WORK REQUEST:
Every entry below is to be returned unchanged. Images are not part of the copy.

-------- DATA PROVIDED

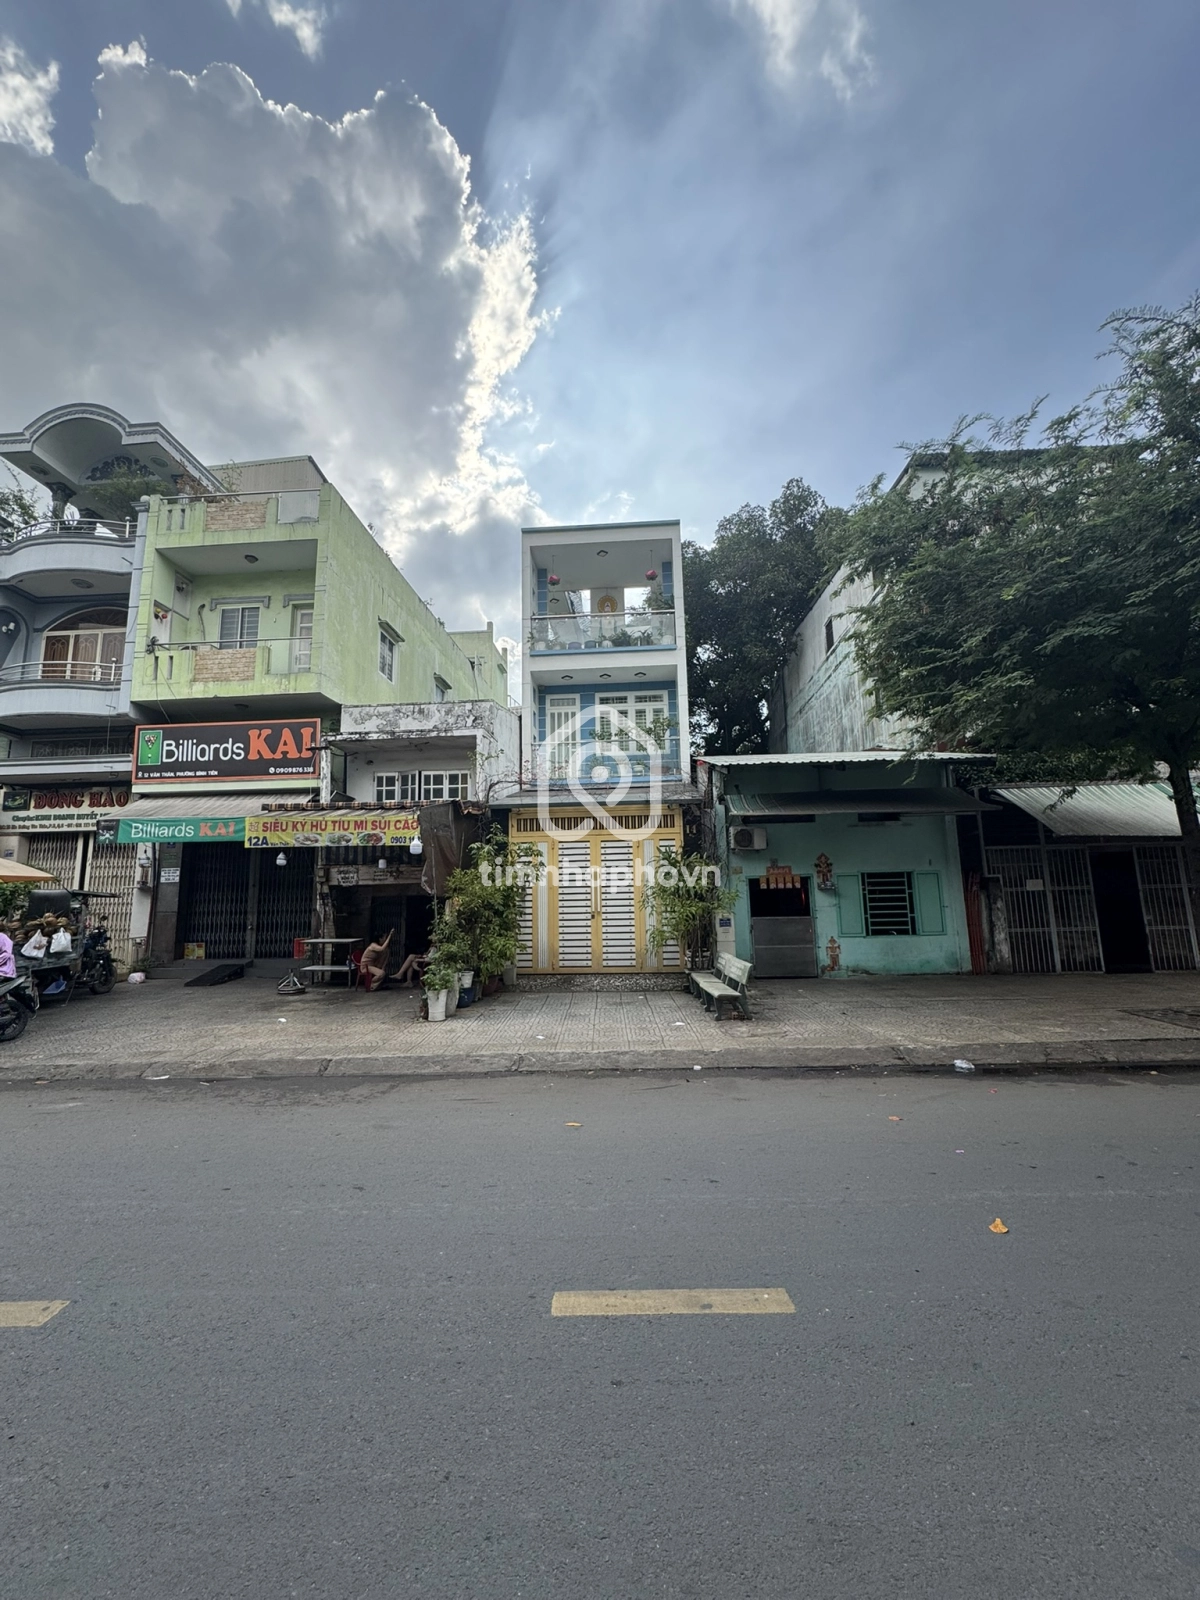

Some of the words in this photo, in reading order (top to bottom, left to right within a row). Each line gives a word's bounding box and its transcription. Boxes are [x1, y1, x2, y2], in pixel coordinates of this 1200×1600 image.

[162, 738, 244, 762] Billiards
[247, 727, 314, 760] KAI
[131, 822, 194, 838] Billiards
[199, 821, 236, 837] KAI
[262, 818, 288, 832] SIÊU
[291, 818, 307, 832] KÝ
[310, 817, 328, 832] HỦ
[331, 817, 350, 831] TÍU
[247, 835, 269, 846] 12A
[390, 835, 407, 844] 0903

----------------

YOUR RESPONSE:
Some of the words in this photo, in reading order (top to bottom, left to right within a row). Each line gives a word's bounding box and its transcription. Boxes are [x1, y1, x2, y2], in pixel coordinates of this 1200×1600 image.

[162, 738, 244, 762] Billiards
[247, 727, 314, 760] KAI
[131, 822, 194, 838] Billiards
[199, 821, 236, 837] KAI
[262, 818, 288, 832] SIÊU
[291, 818, 307, 832] KÝ
[310, 817, 328, 832] HỦ
[331, 817, 350, 831] TÍU
[247, 835, 269, 846] 12A
[390, 835, 407, 844] 0903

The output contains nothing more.